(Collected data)
····················
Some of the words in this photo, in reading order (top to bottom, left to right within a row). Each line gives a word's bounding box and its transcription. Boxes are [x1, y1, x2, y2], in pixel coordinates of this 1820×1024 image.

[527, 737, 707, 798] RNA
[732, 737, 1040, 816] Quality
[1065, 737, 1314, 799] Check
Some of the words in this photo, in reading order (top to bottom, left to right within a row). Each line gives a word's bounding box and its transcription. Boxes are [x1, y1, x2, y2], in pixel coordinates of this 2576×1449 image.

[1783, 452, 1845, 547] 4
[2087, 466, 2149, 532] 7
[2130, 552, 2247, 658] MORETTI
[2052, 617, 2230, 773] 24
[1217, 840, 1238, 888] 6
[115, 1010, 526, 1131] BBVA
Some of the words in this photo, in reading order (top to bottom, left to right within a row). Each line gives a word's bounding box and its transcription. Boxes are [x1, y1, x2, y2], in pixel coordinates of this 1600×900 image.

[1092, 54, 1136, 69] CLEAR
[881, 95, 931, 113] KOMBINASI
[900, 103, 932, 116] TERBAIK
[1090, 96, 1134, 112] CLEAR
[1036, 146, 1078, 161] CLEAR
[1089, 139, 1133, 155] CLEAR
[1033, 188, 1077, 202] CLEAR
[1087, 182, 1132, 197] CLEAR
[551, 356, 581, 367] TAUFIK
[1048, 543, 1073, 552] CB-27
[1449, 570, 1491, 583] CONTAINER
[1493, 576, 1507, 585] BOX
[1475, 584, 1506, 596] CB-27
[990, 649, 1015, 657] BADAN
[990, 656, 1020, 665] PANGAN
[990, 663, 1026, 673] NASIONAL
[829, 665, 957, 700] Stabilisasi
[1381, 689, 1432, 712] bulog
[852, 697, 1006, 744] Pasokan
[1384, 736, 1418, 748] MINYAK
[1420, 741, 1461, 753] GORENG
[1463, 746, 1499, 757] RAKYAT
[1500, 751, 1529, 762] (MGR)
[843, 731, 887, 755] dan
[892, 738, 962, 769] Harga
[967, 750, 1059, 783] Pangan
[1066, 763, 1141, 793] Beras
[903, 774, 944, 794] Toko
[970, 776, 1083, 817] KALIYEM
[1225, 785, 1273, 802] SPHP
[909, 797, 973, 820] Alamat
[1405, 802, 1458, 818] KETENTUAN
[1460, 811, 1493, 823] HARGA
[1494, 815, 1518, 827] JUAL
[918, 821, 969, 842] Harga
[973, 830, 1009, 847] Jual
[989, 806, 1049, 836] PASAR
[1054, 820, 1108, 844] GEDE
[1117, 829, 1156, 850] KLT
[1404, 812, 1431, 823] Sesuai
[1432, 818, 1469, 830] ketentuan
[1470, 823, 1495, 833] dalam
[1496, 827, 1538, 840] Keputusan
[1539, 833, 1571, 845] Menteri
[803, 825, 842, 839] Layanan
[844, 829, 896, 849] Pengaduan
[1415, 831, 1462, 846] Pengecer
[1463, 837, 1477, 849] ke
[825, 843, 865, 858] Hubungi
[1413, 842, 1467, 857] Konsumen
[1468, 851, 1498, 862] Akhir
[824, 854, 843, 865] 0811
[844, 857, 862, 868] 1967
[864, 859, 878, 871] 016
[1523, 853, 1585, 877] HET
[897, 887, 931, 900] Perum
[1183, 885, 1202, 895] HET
····················
• [Exercise aim]: Reproduce the records exactly, keeping every line.

• [Exercise solution]:
Some of the words in this photo, in reading order (top to bottom, left to right within a row). Each line gives a word's bounding box and its transcription. Boxes are [x1, y1, x2, y2], in pixel coordinates of this 1820×1024 image.

[527, 737, 707, 798] RNA
[732, 737, 1040, 816] Quality
[1065, 737, 1314, 799] Check
Some of the words in this photo, in reading order (top to bottom, left to right within a row). Each line gives a word's bounding box and its transcription. Boxes are [x1, y1, x2, y2], in pixel coordinates of this 2576×1449 image.

[1783, 452, 1845, 547] 4
[2087, 466, 2149, 532] 7
[2130, 552, 2247, 658] MORETTI
[2052, 617, 2230, 773] 24
[1217, 840, 1238, 888] 6
[115, 1010, 526, 1131] BBVA
Some of the words in this photo, in reading order (top to bottom, left to right within a row). Each line gives a word's bounding box and its transcription. Boxes are [x1, y1, x2, y2], in pixel coordinates of this 1600×900 image.

[1092, 54, 1136, 69] CLEAR
[881, 95, 931, 113] KOMBINASI
[900, 103, 932, 116] TERBAIK
[1090, 96, 1134, 112] CLEAR
[1036, 146, 1078, 161] CLEAR
[1089, 139, 1133, 155] CLEAR
[1033, 188, 1077, 202] CLEAR
[1087, 182, 1132, 197] CLEAR
[551, 356, 581, 367] TAUFIK
[1048, 543, 1073, 552] CB-27
[1449, 570, 1491, 583] CONTAINER
[1493, 576, 1507, 585] BOX
[1475, 584, 1506, 596] CB-27
[990, 649, 1015, 657] BADAN
[990, 656, 1020, 665] PANGAN
[990, 663, 1026, 673] NASIONAL
[829, 665, 957, 700] Stabilisasi
[1381, 689, 1432, 712] bulog
[852, 697, 1006, 744] Pasokan
[1384, 736, 1418, 748] MINYAK
[1420, 741, 1461, 753] GORENG
[1463, 746, 1499, 757] RAKYAT
[1500, 751, 1529, 762] (MGR)
[843, 731, 887, 755] dan
[892, 738, 962, 769] Harga
[967, 750, 1059, 783] Pangan
[1066, 763, 1141, 793] Beras
[903, 774, 944, 794] Toko
[970, 776, 1083, 817] KALIYEM
[1225, 785, 1273, 802] SPHP
[909, 797, 973, 820] Alamat
[1405, 802, 1458, 818] KETENTUAN
[1460, 811, 1493, 823] HARGA
[1494, 815, 1518, 827] JUAL
[918, 821, 969, 842] Harga
[973, 830, 1009, 847] Jual
[989, 806, 1049, 836] PASAR
[1054, 820, 1108, 844] GEDE
[1117, 829, 1156, 850] KLT
[1404, 812, 1431, 823] Sesuai
[1432, 818, 1469, 830] ketentuan
[1470, 823, 1495, 833] dalam
[1496, 827, 1538, 840] Keputusan
[1539, 833, 1571, 845] Menteri
[803, 825, 842, 839] Layanan
[844, 829, 896, 849] Pengaduan
[1415, 831, 1462, 846] Pengecer
[1463, 837, 1477, 849] ke
[825, 843, 865, 858] Hubungi
[1413, 842, 1467, 857] Konsumen
[1468, 851, 1498, 862] Akhir
[824, 854, 843, 865] 0811
[844, 857, 862, 868] 1967
[864, 859, 878, 871] 016
[1523, 853, 1585, 877] HET
[897, 887, 931, 900] Perum
[1183, 885, 1202, 895] HET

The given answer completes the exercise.